Happy New Year everyone!  Welcome to 2011.

I spent the last evening of the old year seeing Another Year at my favourite London cinema, then watching the fireworks on the Thames.

The movie, written and directed by Mike Leigh, is a slow, quiet, gentle look at the lives of ordinary people muddling through an ordinary year.  The central couple, Tom and Gerri, are shown happy, stable, generous and caring, as they touch the less-happy lives of family and friends.

The message of the movie seems to be ‘if you’re single, your life is likely to be falling apart’.  Singleness seems to be the one great terror facing most of the peripheral characters.  Some have already turned to drink in an effort to forget their misery. Others, such as Tom and Gerri’s son, are fine for now, but there is a constant pressure on him to find a nice girl and settle down – his parents are clearly afraid for him if he is on his own.

I came away wanting to say ‘it doesn’t have to be like that!’ Yes, loneliness is awful and can be incredibly crushing, but being single does not have to equate to being lonely.  What Mary and Ken (the two terribly sad single friends) need is not a spouse, but a community.  Ken says at one point “When I started work, we all used to go out for a drink on a Friday night, or for a curry.” now things have moved on, his colleagues have got married, the nice local pubs have changed into noisy bars, and Ken is left drinking alone.

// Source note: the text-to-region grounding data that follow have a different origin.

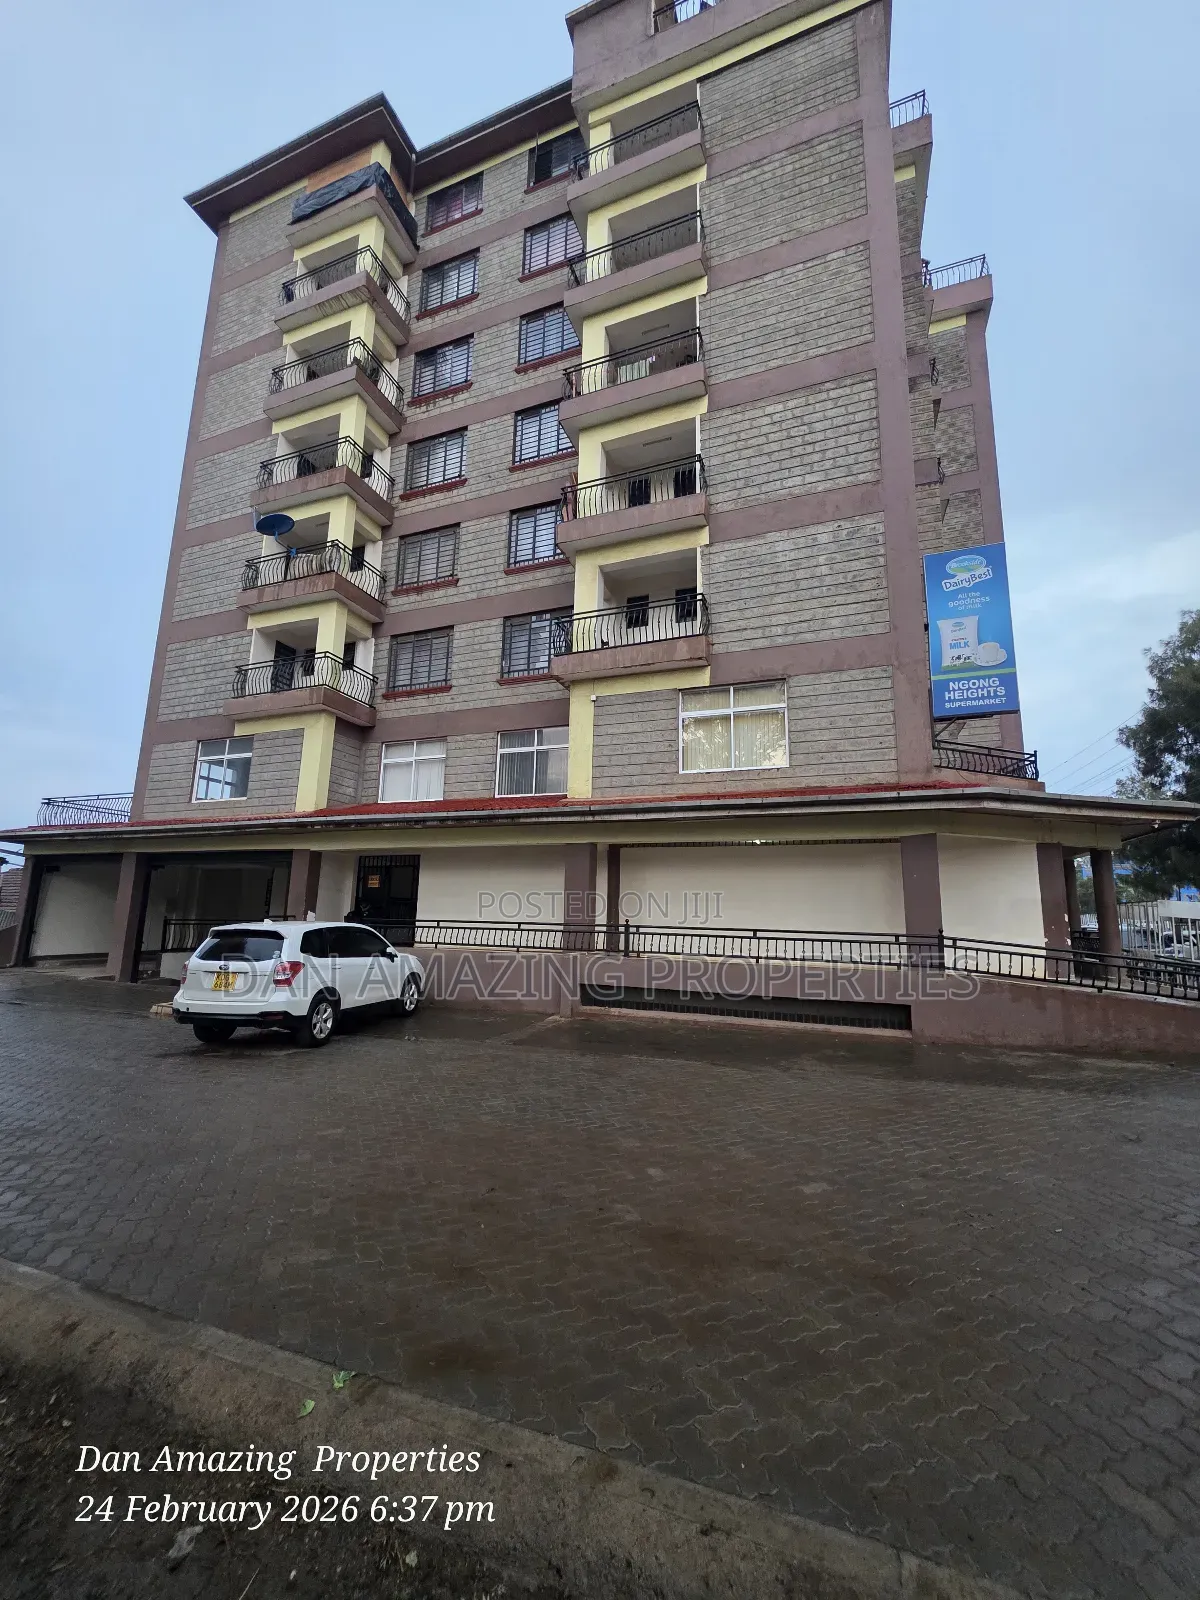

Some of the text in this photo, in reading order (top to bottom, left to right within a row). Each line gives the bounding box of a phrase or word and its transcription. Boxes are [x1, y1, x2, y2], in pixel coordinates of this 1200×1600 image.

[944, 569, 991, 590] DairyBest
[948, 596, 990, 607] goodness
[949, 641, 970, 650] MILK
[949, 678, 999, 690] NGONG
[945, 687, 1005, 700] HEIGHTS
[945, 698, 1006, 708] SUPERMARKET

Mary comes to Tom and Gerri for company and ‘someone to talk to’, but the two of them can’t be there for her all the time; she needs community.

After the film, I had a couple of hours to spare, so came home to see where the best place would be to view the New Year fireworks. Along with maps of the viewing areas, walking route and tube stations, the official website suggested repeatedly that “You’ll get the best view of the fireworks at home on BBC1”.

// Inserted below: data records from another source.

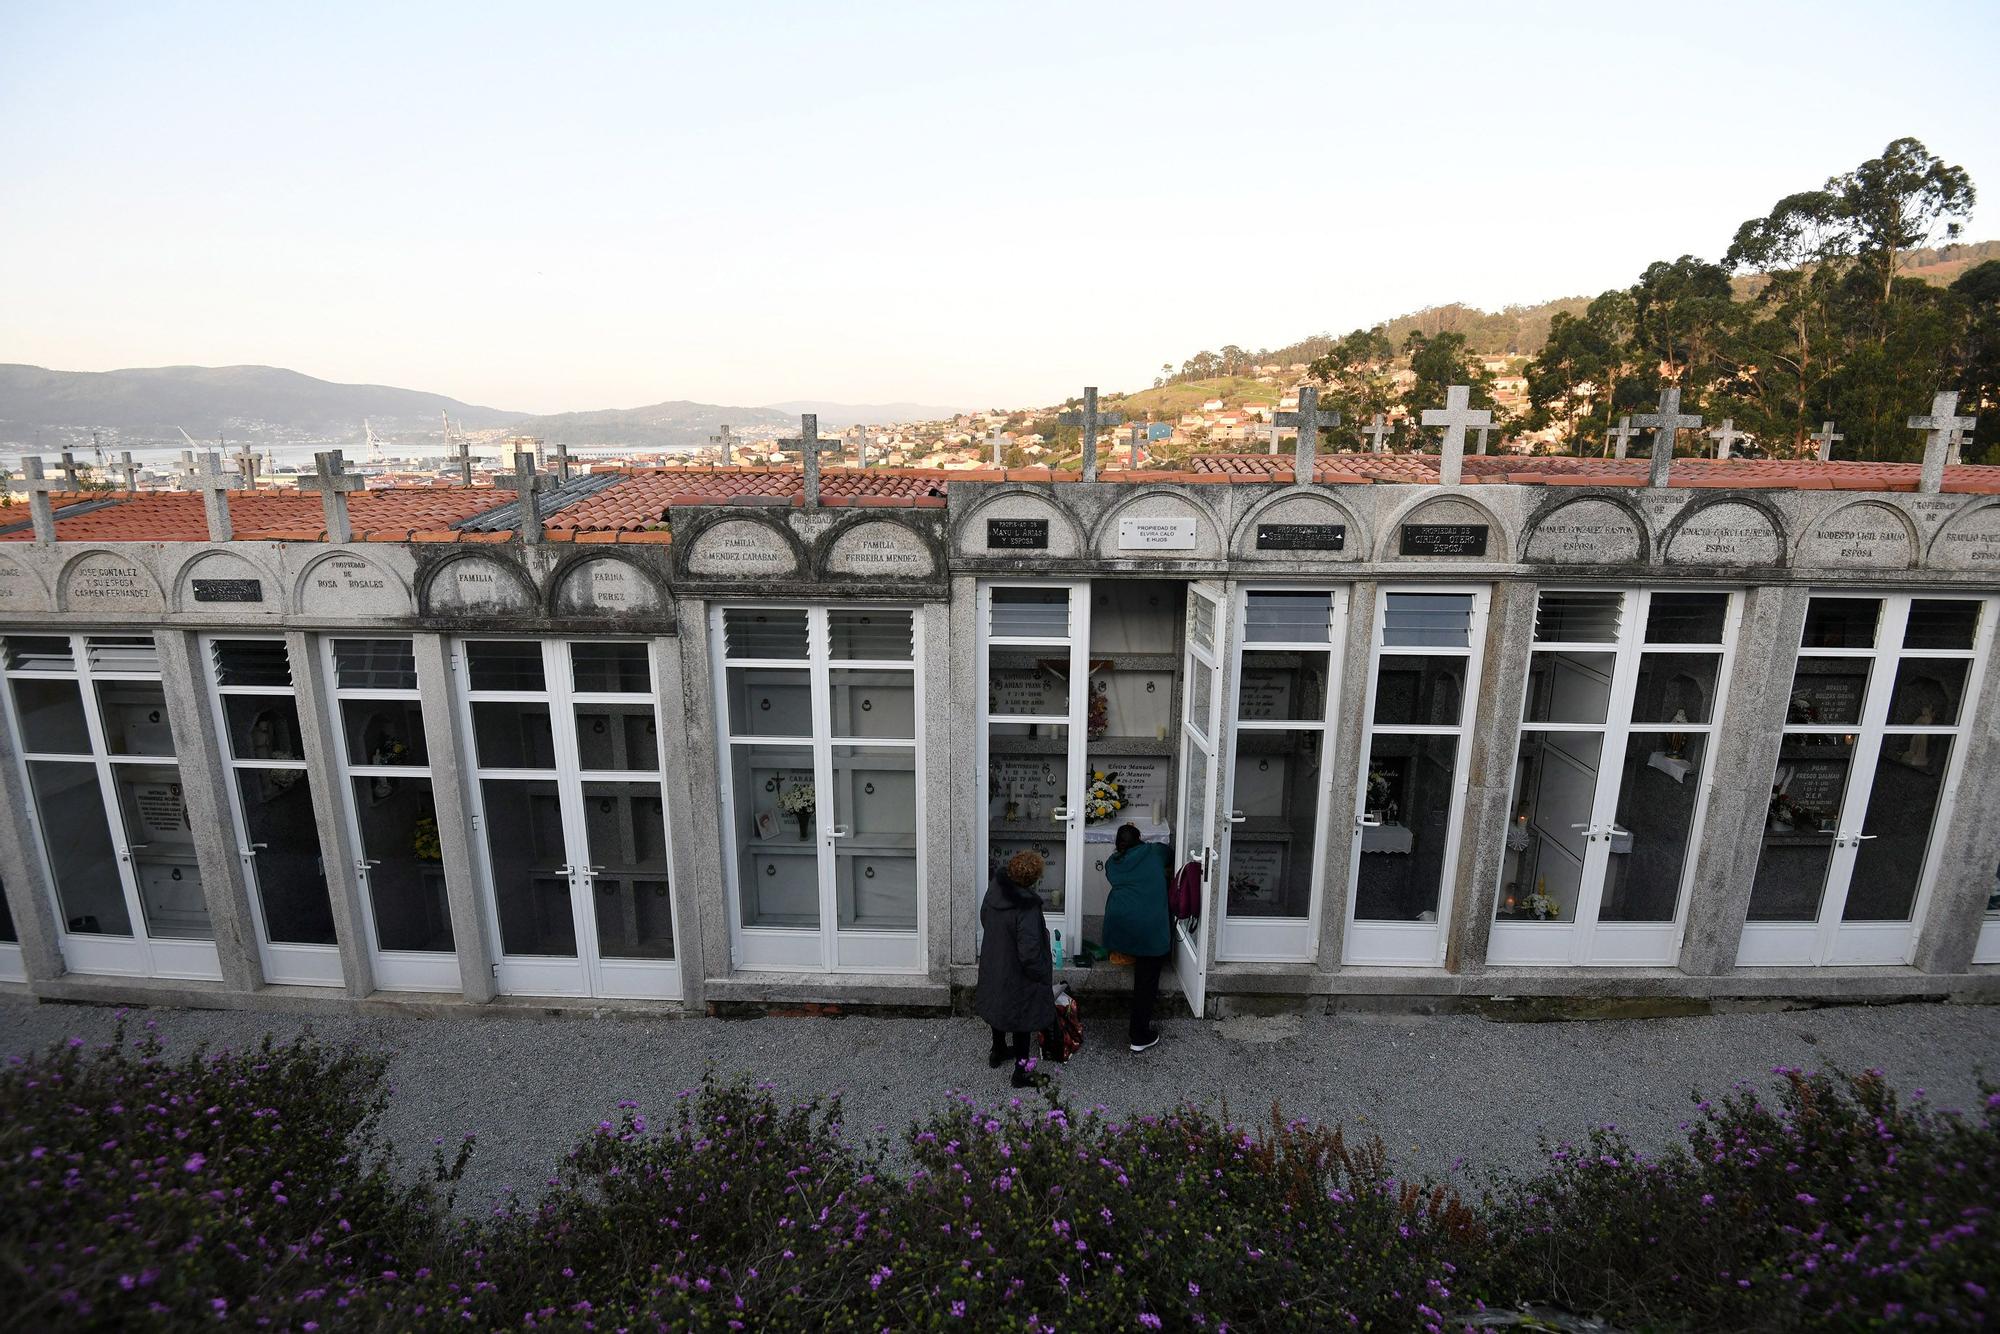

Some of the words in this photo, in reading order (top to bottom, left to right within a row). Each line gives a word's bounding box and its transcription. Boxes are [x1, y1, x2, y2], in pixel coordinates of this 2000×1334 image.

[1415, 535, 1440, 543] CIRILO
[1817, 531, 1854, 539] MODESTO
[709, 552, 740, 560] MENDEZ
[459, 574, 493, 582] FAMILIA
[318, 580, 338, 588] ROSA
[349, 580, 384, 588] ROSALES

This of course is true.  Unless you’d been standing in the cold for hours to secure the prime spot, any view would be obscured by trees, lamp posts, statues and even buildings, and almost certainly would be framed by other people’s heads. But that’s beside the point.  The point of watching the New Year fireworks – or any firework display – is not to have a really good view, but to be part of an event.

I’ve seen the London fireworks on TV plenty of times, but this year was different, this year I was there. I was alone, but part of a community of people gathering together for a shared experience.

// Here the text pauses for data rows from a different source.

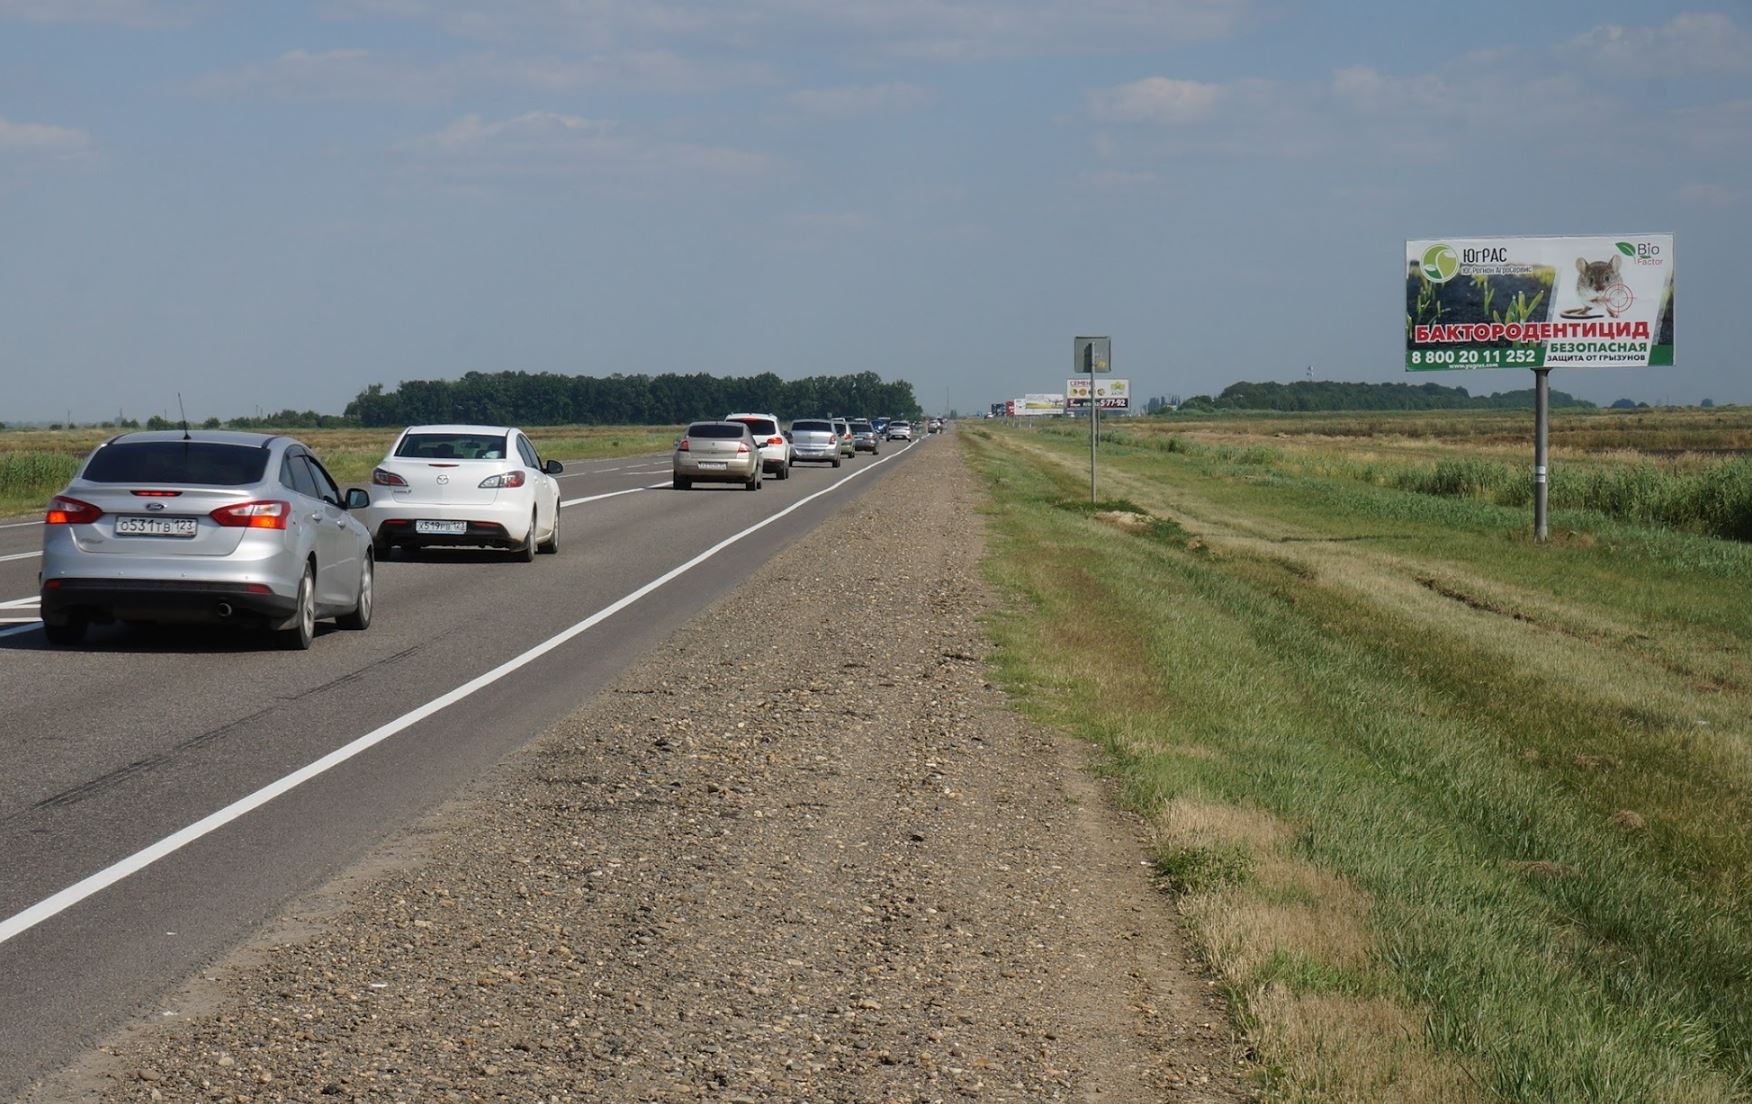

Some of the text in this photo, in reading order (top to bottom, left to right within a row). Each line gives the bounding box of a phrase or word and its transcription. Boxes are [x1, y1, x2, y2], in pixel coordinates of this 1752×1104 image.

[1463, 248, 1507, 263] ЮгРАС
[1637, 243, 1660, 255] Bio
[1415, 321, 1650, 341] БАКТОРОДЕНТИЦИД
[1550, 342, 1647, 353] БЕЗОПАСНАЯ
[1411, 350, 1536, 364] 8 800 20 11 252

We’re created as relational beings. God designed us to flourish in relationships, both with him and with others.  Our culture recognises this need, but as usual misinterprets it and tells us we need a ‘partner’.  One weakness of Another Year was its suggestion that Tom and Gerri were happy because they were married and healthy. It is possible to be married and lonely as well as to be single and flourishing.  The key is feeling part of something bigger than yourself.

A single friend of mine in her Christmas letter this year included a plea to her married friends not to forget about the singles in their churches.  “All we need,” she said “is an invitation back to the house for lunch after church once in a while.”

Let us model to the world a way of living that goes beyond its drive to pair up and hunker down. Let us build strong, vibrant, loving, supportive communities in which all are welcomed and valued, and in which all have something to give.  The main similarity between all the churches I have been a part of in my life, regardless of their age range, denomination or worship style, has been that they have valued every member of the congregation, and sought to have as many as possible involved in the life of the church through small groups and serving teams. They are true communities of believers, and strangers quickly feel welcomed and at home there, because they are given a place.

May you find and extend rich community in your family, your neighbourhood and your circle of relationships in 2011. To transform a culture we need to transform our ‘networks’ into a community.

Happy new year!

4 Comments On This Topic
  1. Peter P
    on Jan 1st at 9:20 pm

    Ok… so now I’m going to have to write a post in response to that!

    Great job, Jennie.

    Did you take a box to stand on so you could see over the crowds? 🙂

    Happy New Year!!!! I would love to have been there to see them with you!

  2. newsong40
    on Jan 1st at 9:24 pm

    Thanks!!! Happy new year to you, too!
    No, I didn’t take a box – I found a good spot where I could be with people and not too squeezed in (and where I didn’t have to start saving my place at 8pm!!), so there was enough space around me that I could see.
    Leave a link to your post when you write it.

  3. Katdish
    on Jan 1st at 10:03 pm

    We truly are made for community. Thank you for being such a wonderful part of the online community. Happy New Year, Peter!

    • newsong40
      on Jan 2nd at 9:04 pm

      Thanks Katdish. Yes, there’s lots of negative stuff online, but a couple of social networking sites have really increased and improved my sense of community this year. Thank you for your part in that! Hope you have a great new year – thanks for stopping by.